Leaving the images out, output each entry below exactly.

*Phrase grounding data:*

== Segment start ==

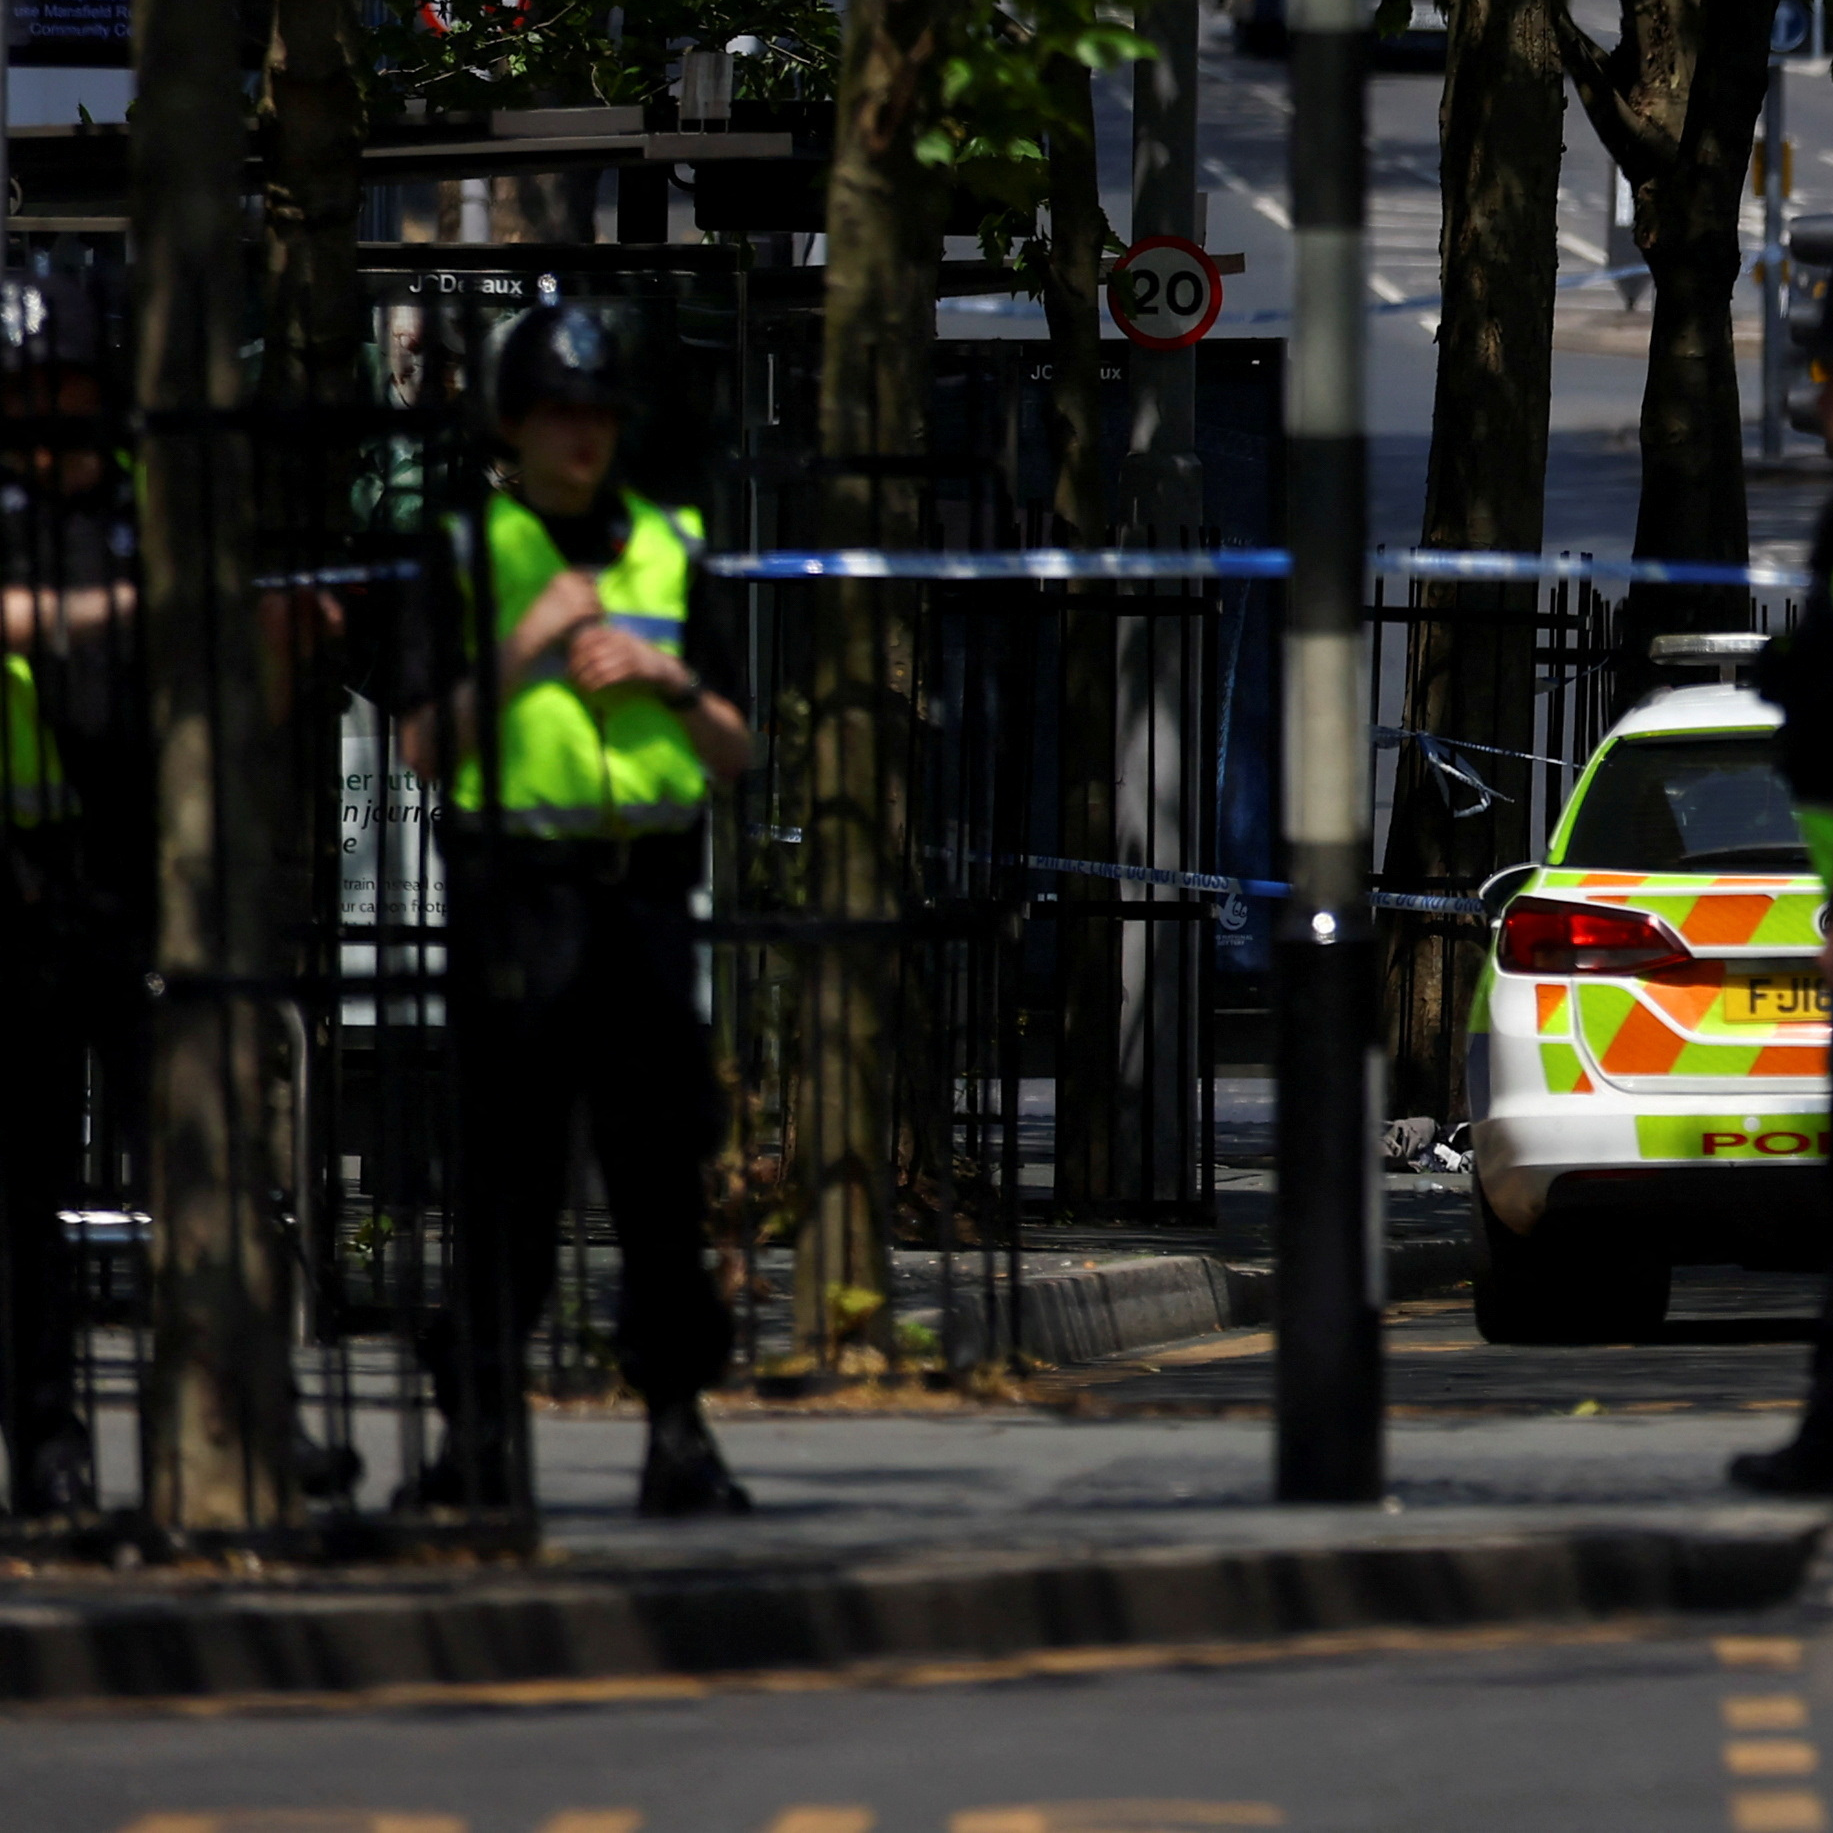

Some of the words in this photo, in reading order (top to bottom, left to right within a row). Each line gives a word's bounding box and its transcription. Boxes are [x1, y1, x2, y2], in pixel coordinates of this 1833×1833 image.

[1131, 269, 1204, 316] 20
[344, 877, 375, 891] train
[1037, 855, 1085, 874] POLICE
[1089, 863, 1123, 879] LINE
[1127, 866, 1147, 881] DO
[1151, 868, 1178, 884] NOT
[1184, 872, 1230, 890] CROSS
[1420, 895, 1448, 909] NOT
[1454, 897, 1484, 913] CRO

== Segment end ==

*Written answer:*
Some of the words in this photo, in reading order (top to bottom, left to right within a row). Each line gives a word's bounding box and its transcription. Boxes are [x1, y1, x2, y2], in pixel coordinates of this 1833×1833 image.

[1131, 269, 1204, 316] 20
[344, 877, 375, 891] train
[1037, 855, 1085, 874] POLICE
[1089, 863, 1123, 879] LINE
[1127, 866, 1147, 881] DO
[1151, 868, 1178, 884] NOT
[1184, 872, 1230, 890] CROSS
[1420, 895, 1448, 909] NOT
[1454, 897, 1484, 913] CRO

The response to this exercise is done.